The south-facing house is off the grid, meaning that it’s not hooked up to a utility company. Though the architects could have hooked the house up to a power source about 700 feet away, for about $25,000 to $30,000, they chose not to. “This was a hands-on opportunity to find out what it means to really live off-grid and to test the efficiency of the systems in which to do that,” Corson says.
Solar panels heat water and charge batteries for all the electricity used in the house. But that doesn’t mean this house lacks any modern-day conveniences. “People are most surprised to see that it’s not something that looks like it’s back to archaic times,” Corson says. “We have a plasma screen, iPods, laptops, compact fluorescent lighting.”
She does admit, however, that there’s an advantage to being on the grid. The concept house frequently generates surplus power that they have to find ways to use, or they lose it. If the home were hooked up to a utility company, they could possibly earn money by selling that surplus power back.
The green roof is also an experiment for Corson and Robertson. They wanted to find out what the requirements were for maintaining one. Most people, Corson says, install a green roof to help cool the air around the house and mitigate stormwater runoff. In the middle of a field in Nova Scotia, that’s not necessary. So their roof is half green and half metal; rainwater is collected in a cistern for drinking water and bathing.

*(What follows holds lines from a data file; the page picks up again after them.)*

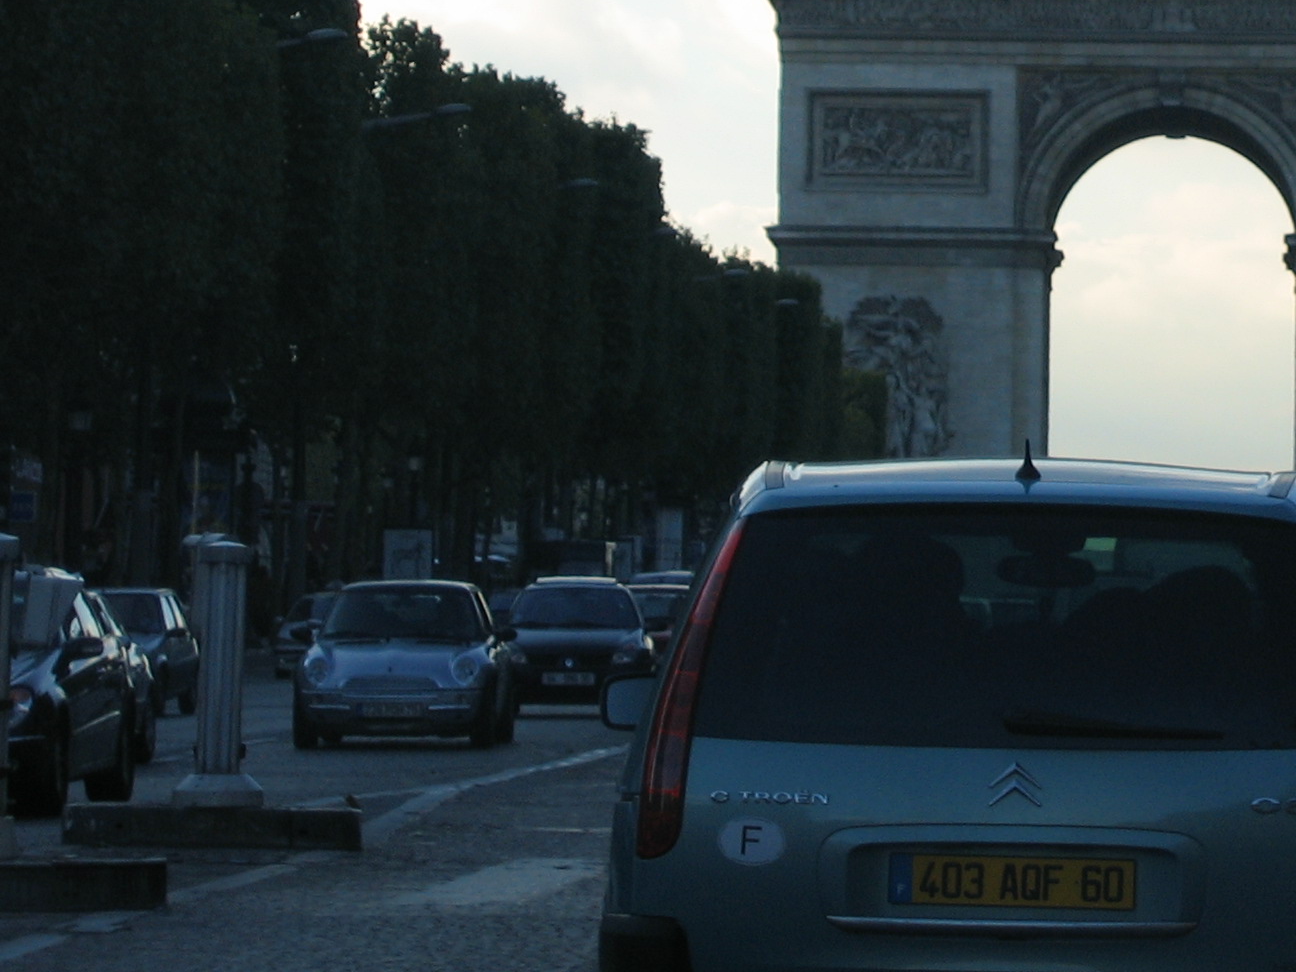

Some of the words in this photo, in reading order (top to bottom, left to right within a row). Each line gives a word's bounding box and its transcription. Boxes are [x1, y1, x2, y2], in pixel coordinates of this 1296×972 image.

[709, 789, 829, 805] CTROËN
[740, 825, 763, 855] F
[919, 861, 985, 899] 403
[1000, 863, 1063, 901] AQF
[1081, 865, 1124, 903] 60
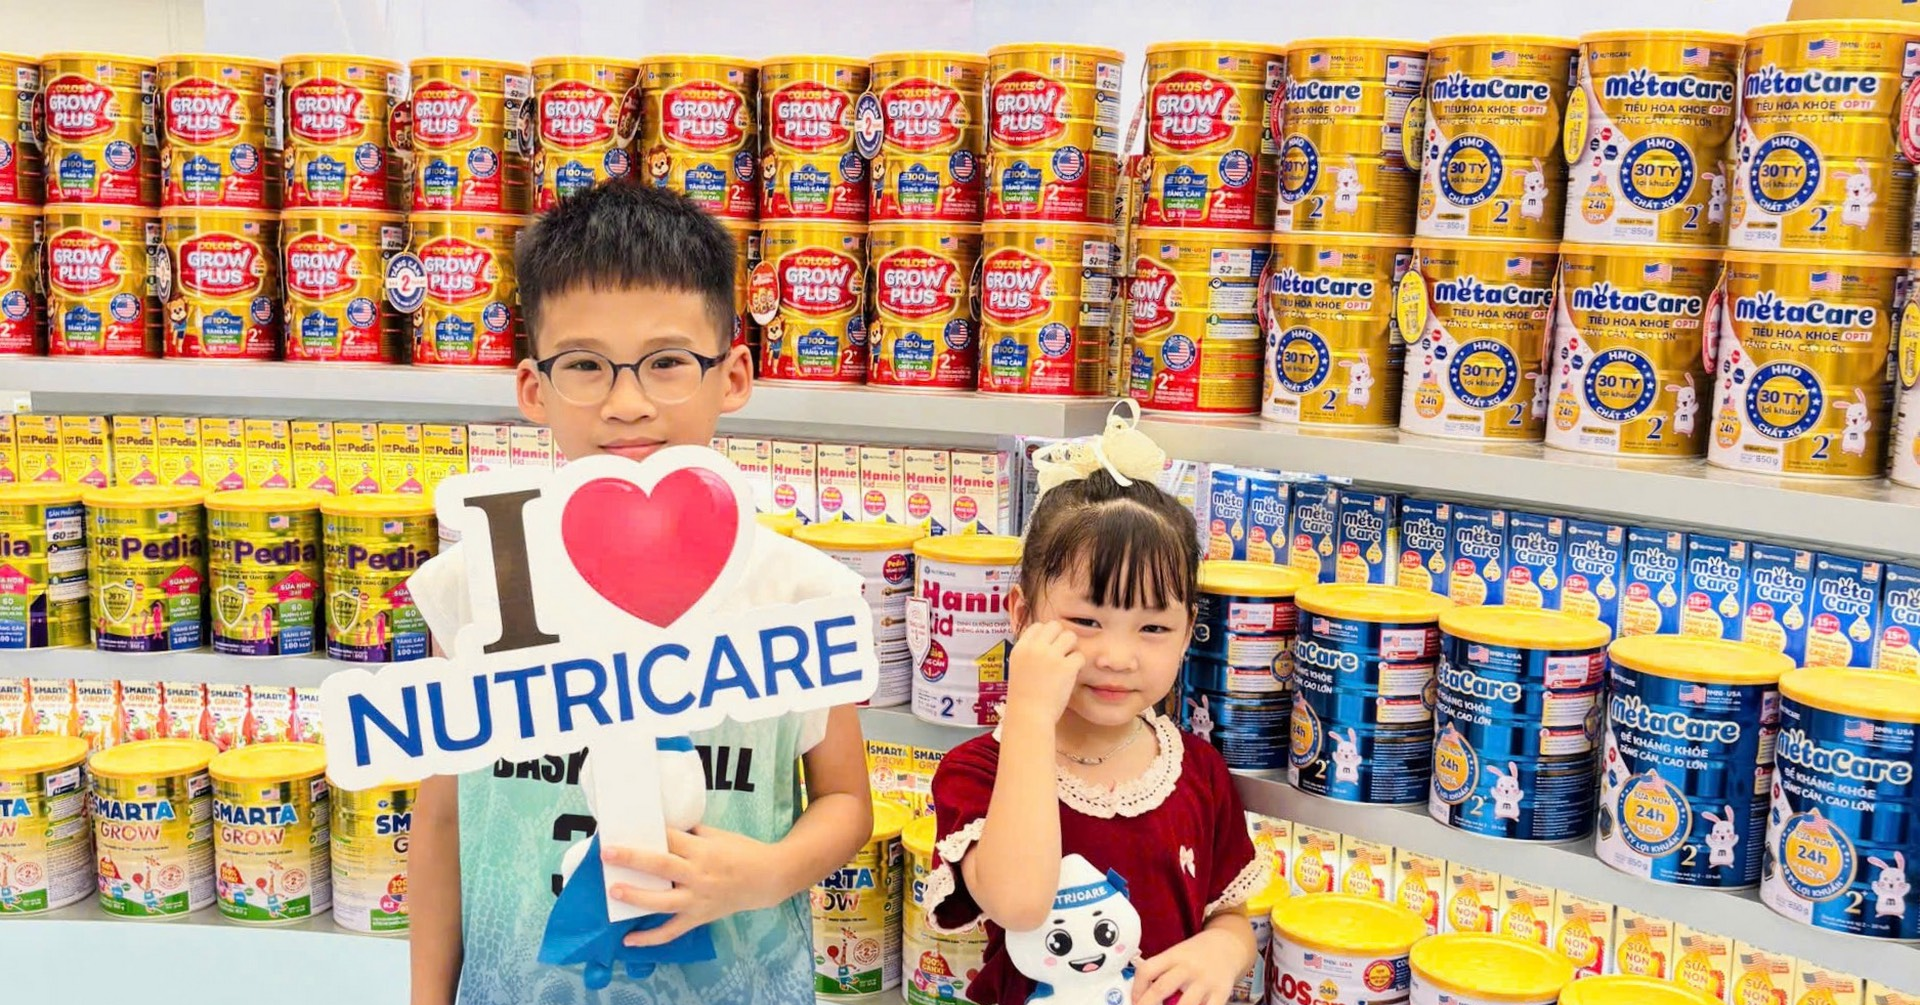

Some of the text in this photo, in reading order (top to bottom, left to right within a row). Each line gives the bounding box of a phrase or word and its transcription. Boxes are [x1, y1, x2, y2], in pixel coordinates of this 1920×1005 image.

[1003, 82, 1036, 91] COLOS
[1166, 82, 1203, 92] COLOS
[49, 94, 103, 111] GROW
[171, 96, 231, 113] GROW
[295, 95, 355, 112] GROW
[416, 97, 467, 115] GROW
[545, 98, 604, 118] GROW
[887, 98, 950, 119] GROW
[996, 90, 1055, 113] GROW
[1156, 90, 1224, 115] GROW
[670, 99, 734, 119] GROW
[778, 98, 842, 120] GROW
[54, 112, 95, 126] PLUS
[177, 115, 220, 130] PLUS
[302, 114, 345, 129] PLUS
[420, 118, 458, 133] PLUS
[1000, 114, 1044, 132] PLUS
[1162, 117, 1212, 134] PLUS
[552, 120, 595, 135] PLUS
[679, 121, 727, 137] PLUS
[785, 121, 831, 137] PLUS
[893, 121, 941, 136] PLUS
[1459, 138, 1484, 147] HMO
[1647, 139, 1674, 149] HMO
[1772, 137, 1799, 148] HMO
[1635, 164, 1655, 176] 30
[1761, 163, 1780, 178] 30
[1588, 200, 1606, 210] 24h
[53, 244, 109, 264] GROW
[187, 249, 250, 268] GROW
[796, 257, 832, 266] COLOS
[893, 258, 928, 267] COLOS
[59, 266, 100, 281] PLUS
[195, 268, 243, 284] PLUS
[785, 262, 850, 283] GROW
[884, 264, 948, 287] GROW
[1218, 266, 1232, 274] 52
[297, 270, 337, 285] PLUS
[402, 275, 411, 291] 2
[430, 275, 473, 290] PLUS
[792, 285, 841, 302] PLUS
[890, 288, 936, 304] PLUS
[989, 291, 1031, 308] PLUS
[1291, 331, 1312, 340] HMO
[1845, 332, 1868, 341] OPTI
[1473, 342, 1499, 351] HMO
[1609, 351, 1637, 362] HMO
[1771, 364, 1801, 377] HMO
[1598, 375, 1617, 387] 30
[1420, 396, 1437, 405] 24h
[1760, 390, 1780, 403] 30
[1720, 422, 1734, 433] 24h
[31, 436, 58, 445] Pedia
[76, 436, 103, 445] Pedia
[127, 436, 153, 445] Pedia
[170, 438, 196, 447] Pedia
[258, 440, 286, 450] Pedia
[305, 442, 331, 452] Pedia
[471, 446, 507, 457] Hanie
[513, 447, 549, 459] Hanie
[774, 463, 812, 476] Hanie
[820, 466, 857, 479] Hanie
[863, 469, 900, 482] Hanie
[907, 472, 946, 485] Hanie
[953, 474, 994, 488] Hanie
[52, 532, 65, 540] 60
[121, 535, 201, 560] Pedia
[234, 540, 316, 564] Pedia
[349, 545, 432, 570] Pedia
[463, 489, 560, 653] I
[1506, 652, 1522, 660] USA
[124, 686, 156, 694] SMARTA
[1439, 664, 1521, 703] etaCare
[348, 615, 862, 767] NUTRICARE
[1897, 727, 1914, 737] USA
[870, 744, 908, 757] SMARTA
[1441, 756, 1459, 772] 24h
[91, 796, 175, 821] SMARTA
[214, 800, 298, 826] SMARTA
[1636, 805, 1665, 822] 24h
[100, 821, 161, 841] GROW
[221, 827, 285, 846] GROW
[1637, 824, 1663, 837] USA
[1798, 845, 1828, 866] 24h
[1301, 867, 1321, 877] NON
[1798, 863, 1827, 881] USA
[1350, 881, 1371, 891] NON
[1404, 893, 1426, 903] NON
[1456, 907, 1479, 919] NON
[1509, 922, 1533, 934] NON
[1565, 938, 1588, 950] NON
[1626, 954, 1650, 965] NON
[1683, 971, 1709, 983] NON
[1319, 986, 1338, 996] 24h
[1743, 990, 1770, 1003] NON
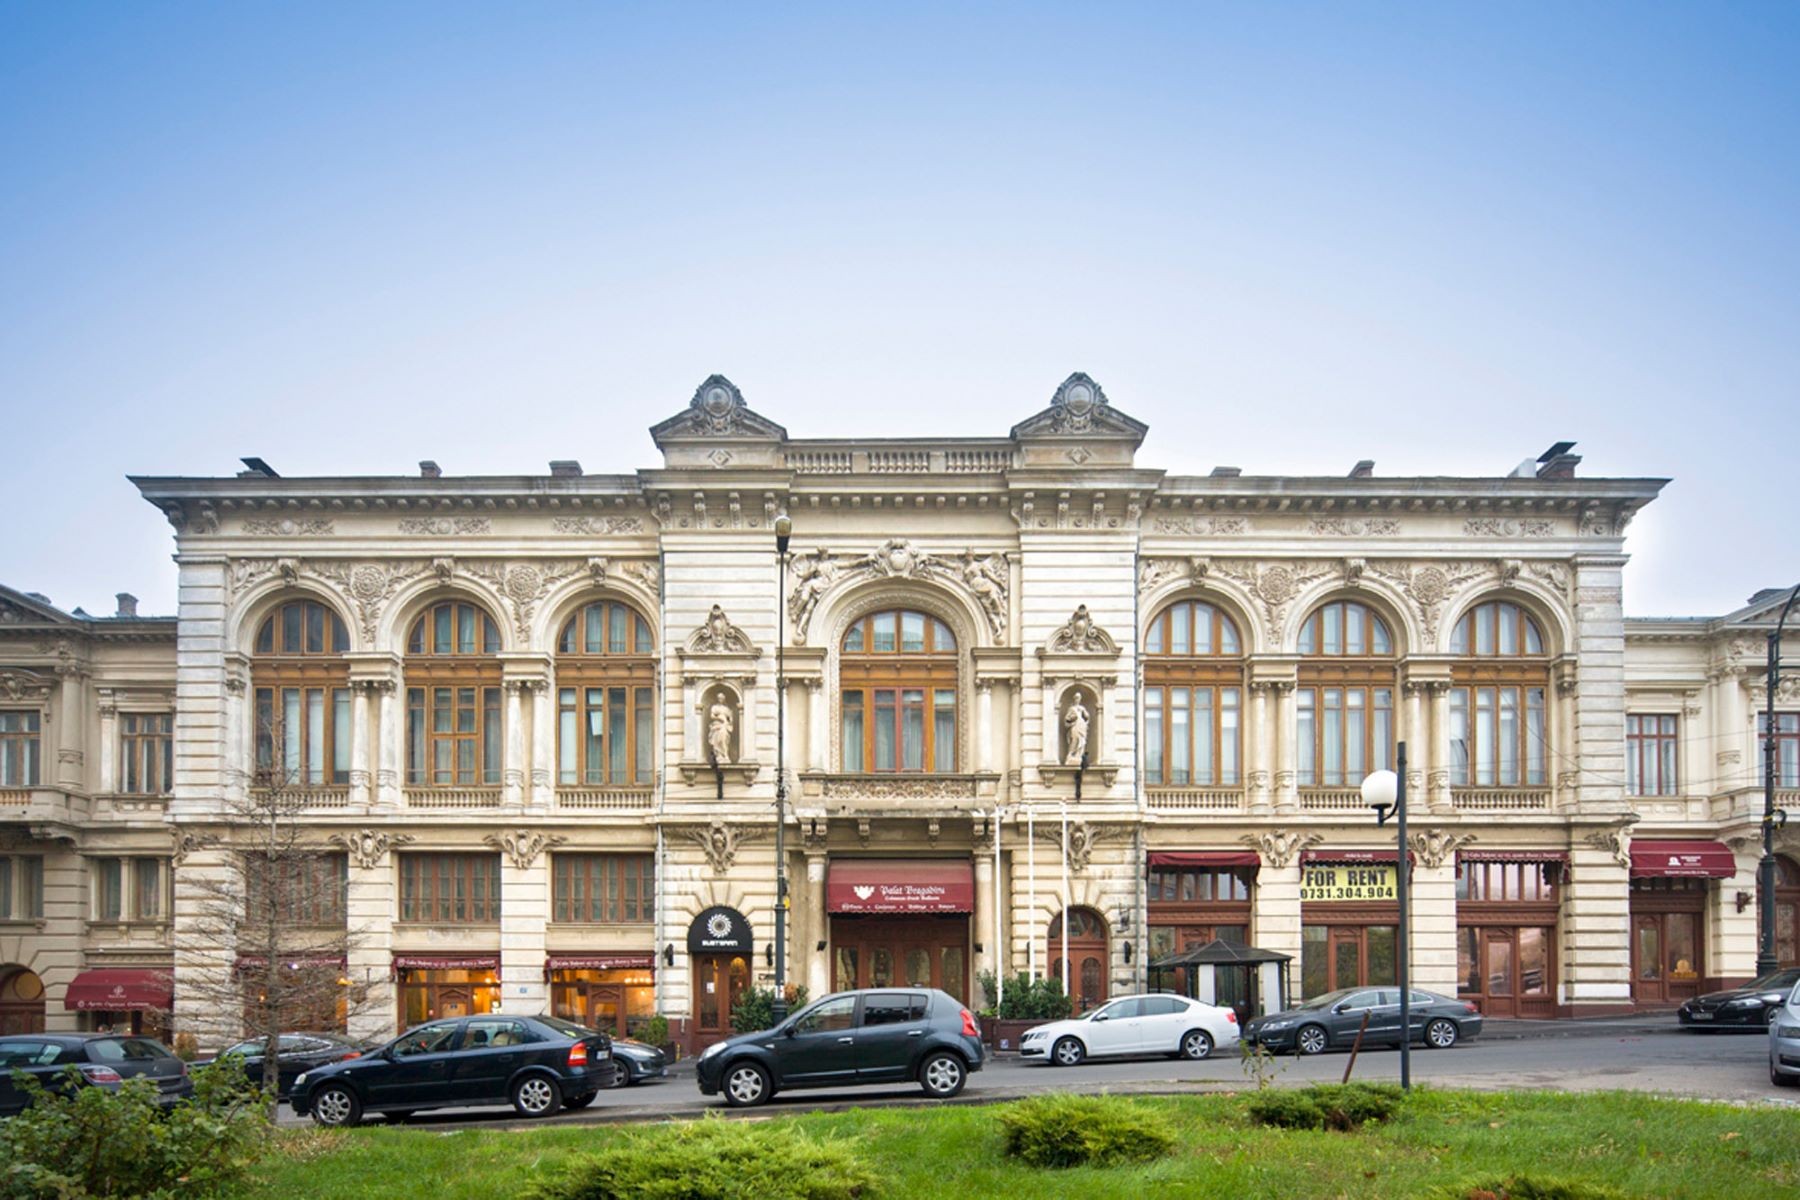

The four solar thermal panels on the main structure’s roof are for heating water. Basically, sunshine heats a serpentine layout of copper pipe, which heats a closed-loop system of liquid glycol mix (so it won’t freeze), which gets pumped back to a heat exchanger, which transfers the heat to two hot-water tanks. This hot water can be used for bathing or washing clothes and dishes; it can also be pumped into the baseboards of the living room and bedroom for radiant heat.
This is especially useful on gray weeks in January when the sun doesn’t enter the home and heat the concrete slab floor. In a pinch, a backup propane boiler can heat the water. Or the couple can use a small woodstove.
The house uses about 20 per cent of its battery per day; after five days without sunshine they can fire up a backup generator to charge the batteries in four to five hours. They’ve had to do this only three times in 16 months.
To create a septic field that filters sewage for the house, the traditional method would have been to truck in sand from pits an hour away. Instead, they used 72 tons of recycled crushed glass obtained from a nearby plant. Typically this glass is shipped out of Nova Scotia to another province for further sorting, then goes to the United States and other places. By working with a local glass-crushing company, the couple was able to keep the material local and not use up fuel sources for shipping.
To precool and preheat air coming into the home, the architects installed a “poor man’s geothermal,” Corson says. They laid a zigzag roll of Pex pipe filled with a glycol mixture under the foam and concrete slab foundation. This pipe maintains a constant temperature of 54 degrees Fahrenheit, the same temperature as the ground. Two ends of the pipe enter the mechanical room, where they connect to the ventilation system, called the ERV, and the air from outside is cooled or heated. In the winter the system warms the below-freezing air; in the summer it cools the 80-degree air.
The 12- to 18-inch walls were packed with 500 bags (about 6.8 metric tons) of recycled newsprint. There’s 30 inches of the same insulation blasted into the roof, too. They first built the shed with solar panels and a temporary battery system to power the construction tools, reducing the footprint of the build.
The exterior is made of low-maintenance concrete panels painted with a silicate-based paint. The open-joint wood paneling was roasted to get all the moisture out, preventing rotting or insect issues. All the materials were sourced locally.
Nine solar panels on the completed storage shed store energy from sunshine in four Surrette batteries, powering all the appliances.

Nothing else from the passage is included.